Agreeableness refers to people tending to believe in the others, they are sincere and somewhat ingenuous, altruistic, conformist in conflict situations, and have outstanding empathy and even a tendency to help others. Therefore, it could also be considered a positive emotionality and cognition factor. Only one of the comparisons between means is statistically significant (p < .05), and concerning the analysis of the tendencies observed, they are different according to the happiness criterion chosen. Only in Diener's scale on subjective well-being, Diener's hypothesis would be confirmed (increase up to percentile 80, and from there, decrease). In the first factor of the Oxford inventory (personal satisfaction, and achievement of goals), the tendency is the opposite; in the Oxford "social" happiness factor, the tendency is towards progressive increase. The results obtained do not seem to follow a uniform pattern across factors.

Finally, the personality factor named Conscientiousness is more complicated since it is about persons who feel competent concerning life issues, they are clean, well-organized, have a strong sense of duty, are goal- and objective-minded, remarkably self-disciplined, and tend to think carefully before acting. In brief, it appears that in these individuals, elements of personal security are present, they are obsessed about order, oriented to work and the achievement of goals, self-disciplined, and afraid of failure. In four of the nine comparisons, we found statistically significant subgroup differences in Diener's scale, and in the first Oxford factor (personal satisfaction and achievement of goals; one with p < .01, and three with p < .001). There appears no significance in Oxford social happiness factor, The tendency in five of the six comparisons made is towards increase, as the happiness percentile progresses, except in the case of the second Oxford factor (social), which represents a marginally significant significance (p < .10).

With respect to regression values, the personality dimensions and the Diener's scale give a corrected R2 of .17, and the highest beta corresponds to Neuroticism (-.38; p < .001). For the first factor of Oxford, the corrected R2 is .431, and the highest standardized Beta is -.33, p < .001, corresponding to Neuroticism. For the second factor of Oxford, the corrected R2 is .38, and the highest standardized beta corresponds to Extraversion, .65, p < .001.
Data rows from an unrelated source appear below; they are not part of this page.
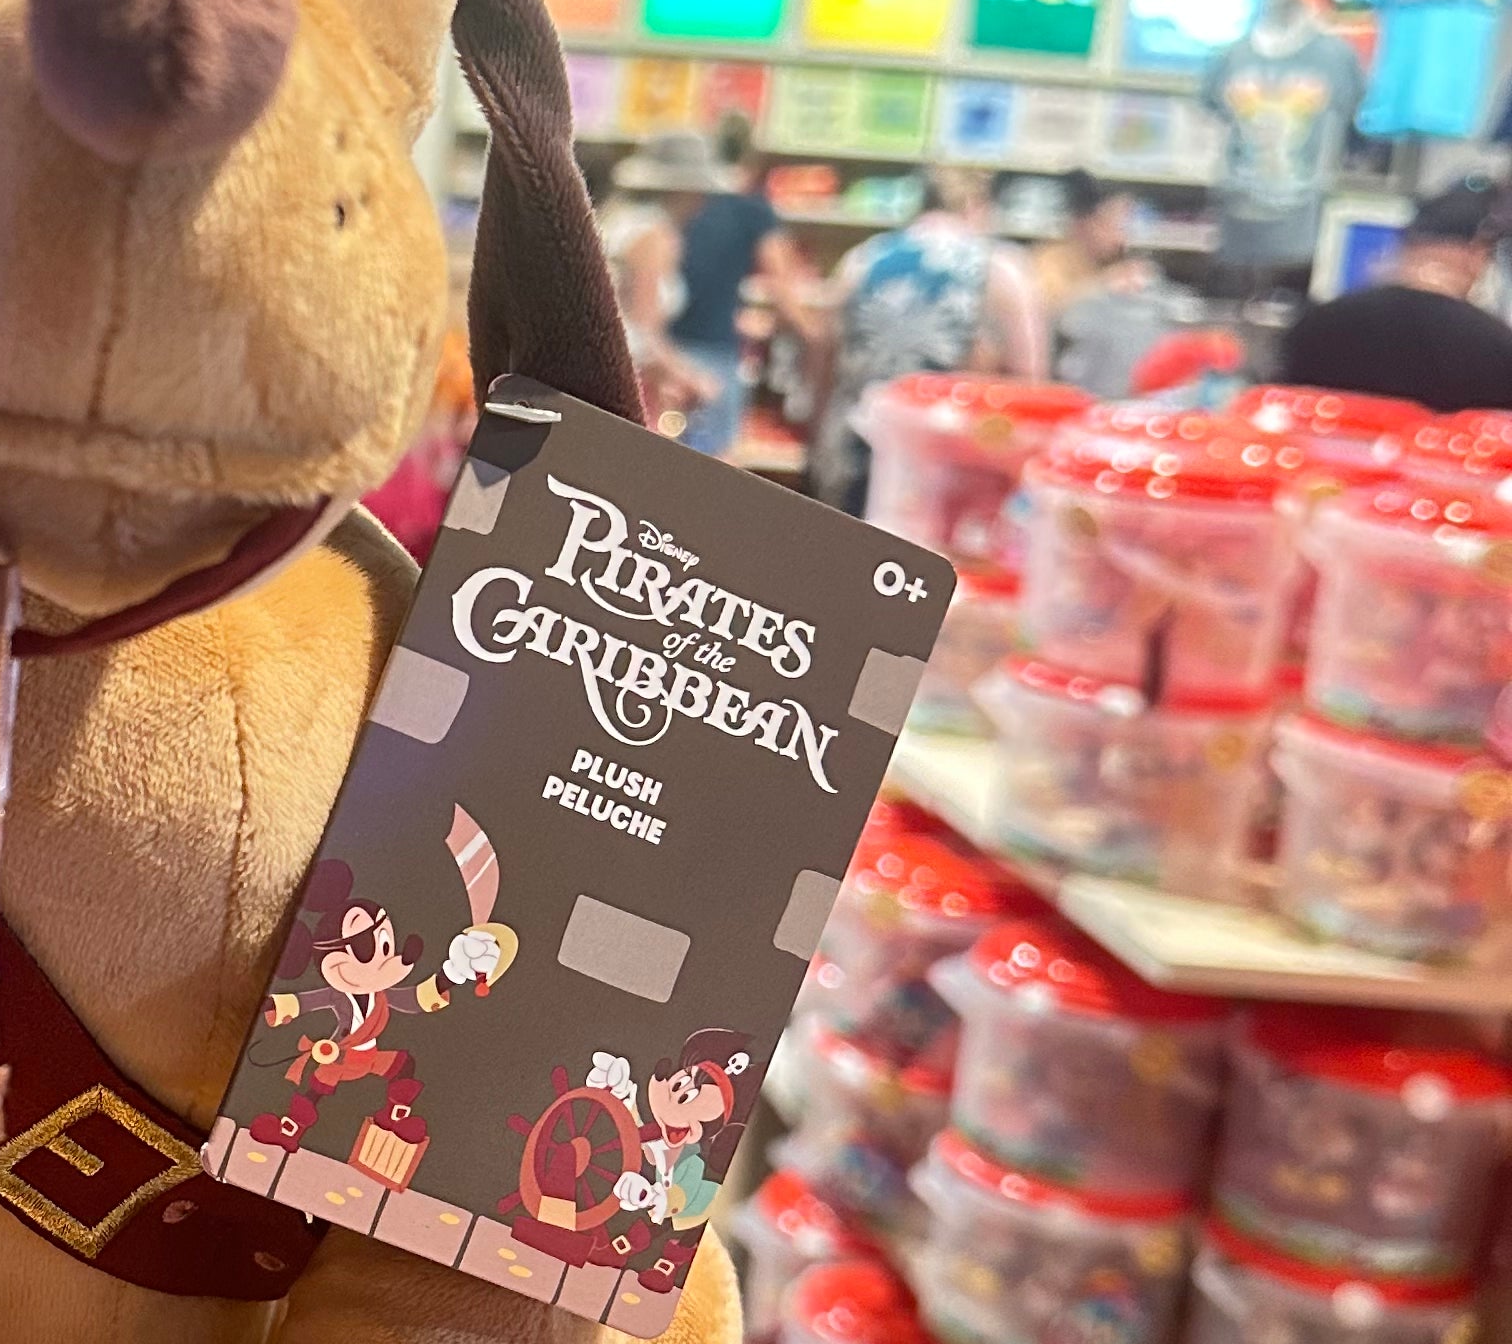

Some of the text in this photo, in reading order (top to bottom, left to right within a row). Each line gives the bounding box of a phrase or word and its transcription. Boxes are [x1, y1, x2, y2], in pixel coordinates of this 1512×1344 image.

[544, 473, 816, 679] PIRATES
[451, 567, 839, 794] CARIBBEAN
[662, 632, 737, 673] of the
[542, 775, 667, 846] PELUCHE
[570, 749, 664, 806] PLUSH
Happiness and personality disorders

What is expected from personality disorders is something confusing, since when we discuss them, we assume, on more than one occasion, that they are in syntony with the individual's ego (even sometimes it has been upheld that they are not disorders, but peculiar "ways of being"), and this ego-syntony can cause subjective happiness states that can be socially rejected, though for the individual, are totally accepted (the individual would feel satisfied with themselves). In the absence of specific hypotheses, we could suggest the following:

On the basis of some theoretical considerations, personality disorders have been described as egosyntonic, and for this reason, on several occasions there is no awareness of the existence of problems, and, it could be deduced from this that there would exist in them a "certain degree" of happiness, which would constitute the resistance to change. On the other hand, it has been empirically found quite often that the closest relationship between the various personality disorders and the personality dimensions is found in Neuroticism (De Miguel & Pelechano, 2000) and, hence, we could expect tendencies to a closer relationship with this dimension. Certainly, this would happen in those cases in which clear anxiety is observed (for example, in the anxious, dependent, borderline, histrionic, paranoid, obsessive-compulsive disorders), and apart from that, we could consider the schizoid disorder (if it develops without anxiety), certain types of the dissocial disorder, and, secondarily, the impulsive disorder (though in the latter, impulsiveness might entail a certain dose of anxiety which would appear to be putting pressure on impulsiveness itself). Of course, these general hypotheses should be modulated according to the "contagion", or diagnostic comorbidity that there exists among the different disorders (in some study with Spanish samples [by De Miguel & Pelechano, 2000]), we found the presence of an outstanding probability of three disorders in a considerable part of subjects to be more frequent, and we advise an analysis of greater clinical intensity.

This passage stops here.